__Brief__
Word for word, give the data again without its pictures.

[Input material Boundary: Start]

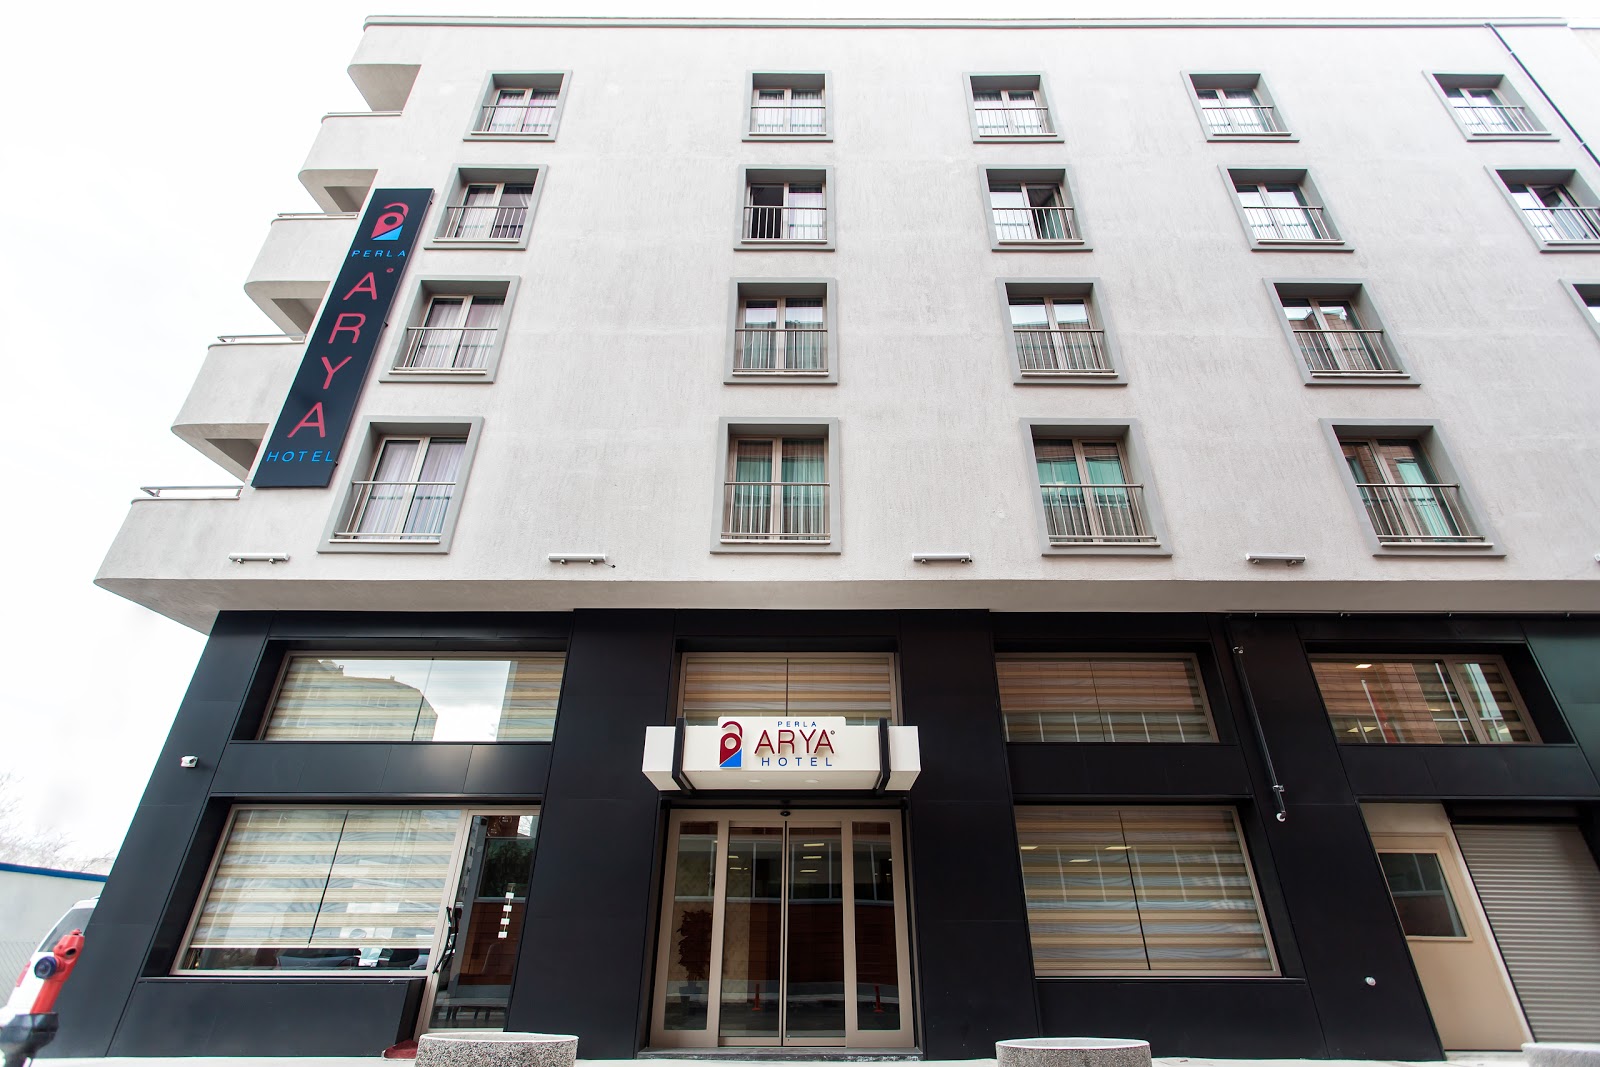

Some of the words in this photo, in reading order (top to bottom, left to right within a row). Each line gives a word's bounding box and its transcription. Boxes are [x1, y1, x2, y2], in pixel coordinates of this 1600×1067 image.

[351, 249, 406, 258] PERLA
[266, 450, 334, 463] HOTEL
[761, 757, 832, 767] HOTEL
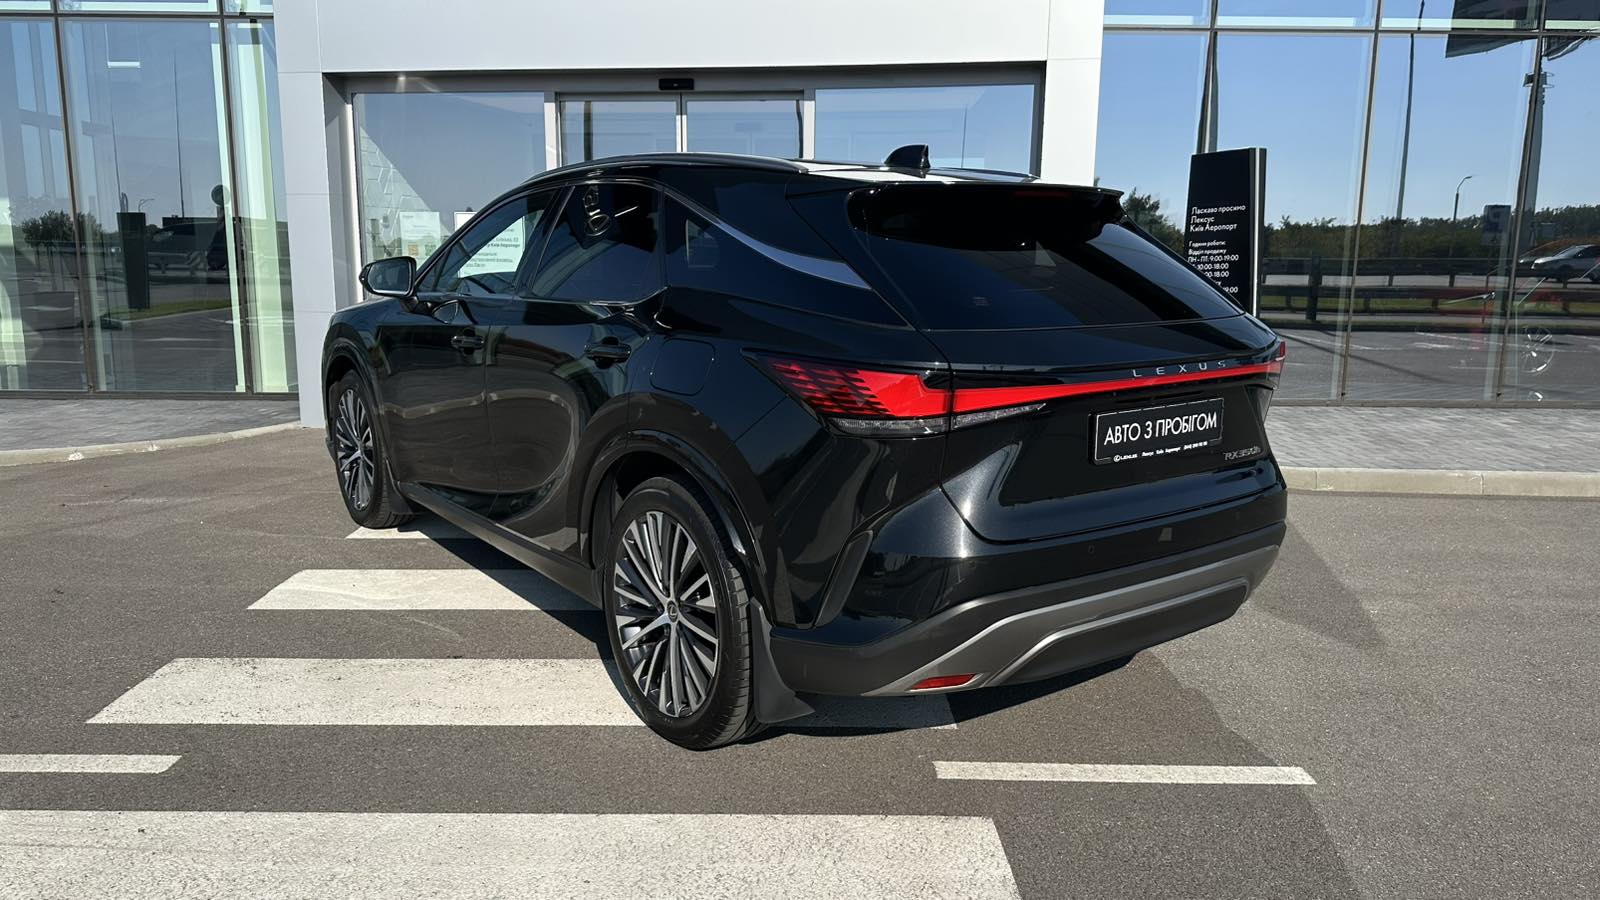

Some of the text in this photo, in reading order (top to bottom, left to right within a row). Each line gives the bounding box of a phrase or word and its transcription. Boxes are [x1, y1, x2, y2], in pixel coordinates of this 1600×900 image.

[1191, 205, 1246, 215] Ласкаво просимо
[1190, 215, 1215, 224] Лексус
[1189, 223, 1238, 232] Київ Аеропорт
[1132, 360, 1227, 378] LEXUS
[1104, 411, 1217, 446] АВТО З ПРОБІГОМ
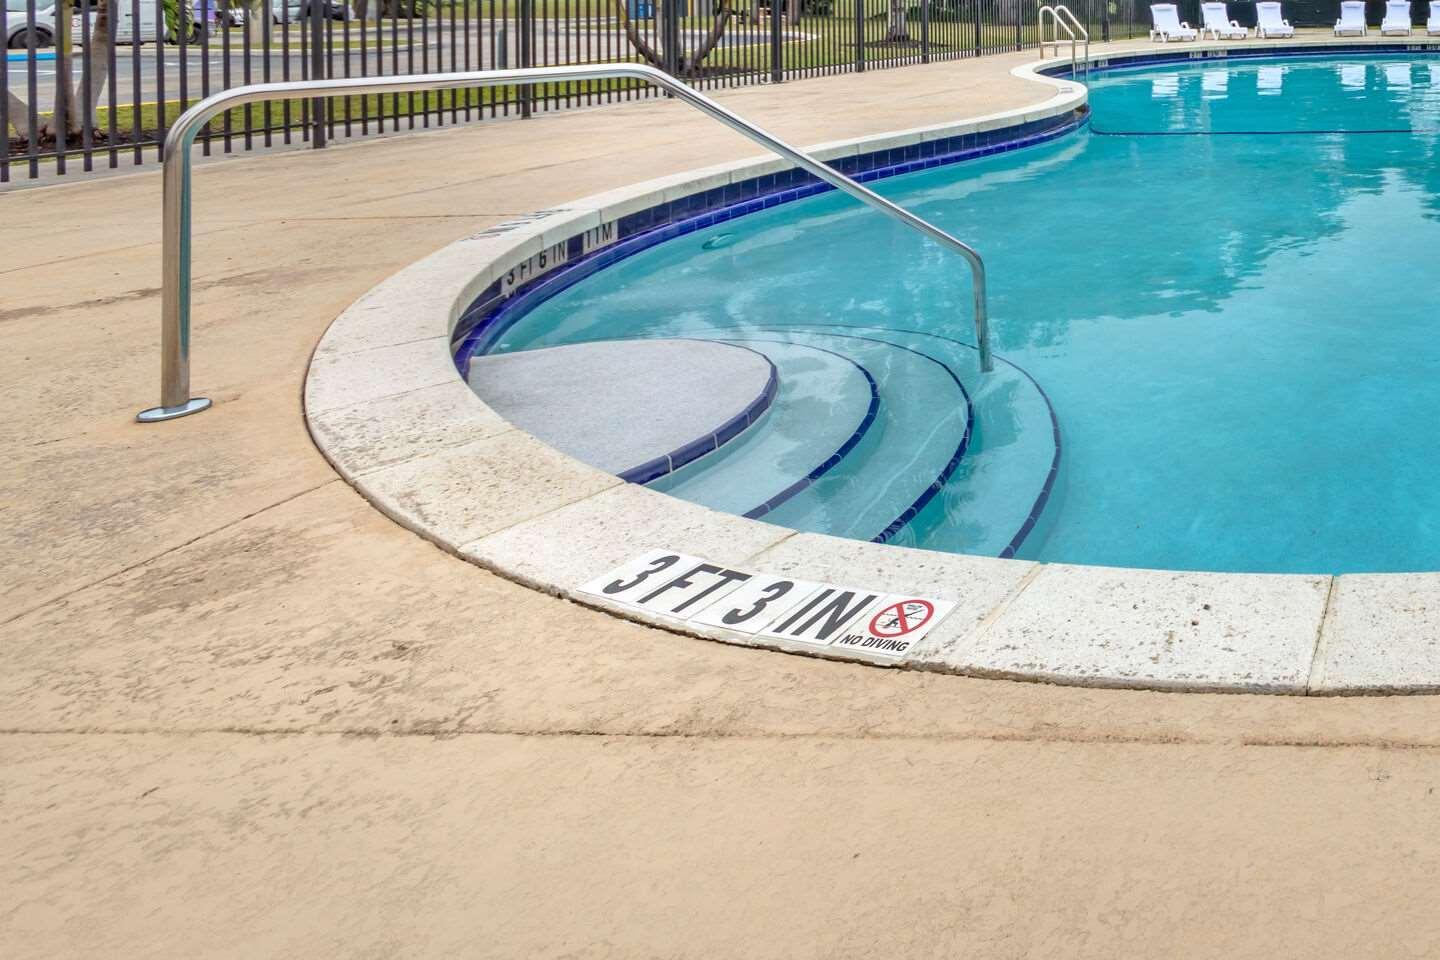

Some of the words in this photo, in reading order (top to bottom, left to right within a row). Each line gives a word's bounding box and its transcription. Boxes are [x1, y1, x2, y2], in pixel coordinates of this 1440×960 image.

[552, 240, 566, 263] IN
[602, 555, 681, 595] 3
[636, 563, 753, 613] FT
[721, 581, 795, 624] 3
[772, 588, 878, 640] IN
[840, 634, 863, 645] NO
[861, 637, 910, 652] DIVING

[Input material Boundary: End]

__Output for this task__
Some of the words in this photo, in reading order (top to bottom, left to right within a row). Each line gives a word's bounding box and its transcription. Boxes are [x1, y1, x2, y2], in pixel coordinates of this 1600×1067 image.

[351, 249, 406, 258] PERLA
[266, 450, 334, 463] HOTEL
[761, 757, 832, 767] HOTEL

Some of the text in this photo, in reading order (top to bottom, left to right within a row). Each line gives the bounding box of a phrase or word and its transcription. Boxes are [x1, y1, x2, y2], in pixel coordinates of this 1600×900 image.

[1191, 205, 1246, 215] Ласкаво просимо
[1190, 215, 1215, 224] Лексус
[1189, 223, 1238, 232] Київ Аеропорт
[1132, 360, 1227, 378] LEXUS
[1104, 411, 1217, 446] АВТО З ПРОБІГОМ

Some of the words in this photo, in reading order (top to bottom, left to right within a row). Each line gives a word's bounding box and its transcription. Boxes are [x1, y1, x2, y2], in pixel coordinates of this 1440×960 image.

[552, 240, 566, 263] IN
[602, 555, 681, 595] 3
[636, 563, 753, 613] FT
[721, 581, 795, 624] 3
[772, 588, 878, 640] IN
[840, 634, 863, 645] NO
[861, 637, 910, 652] DIVING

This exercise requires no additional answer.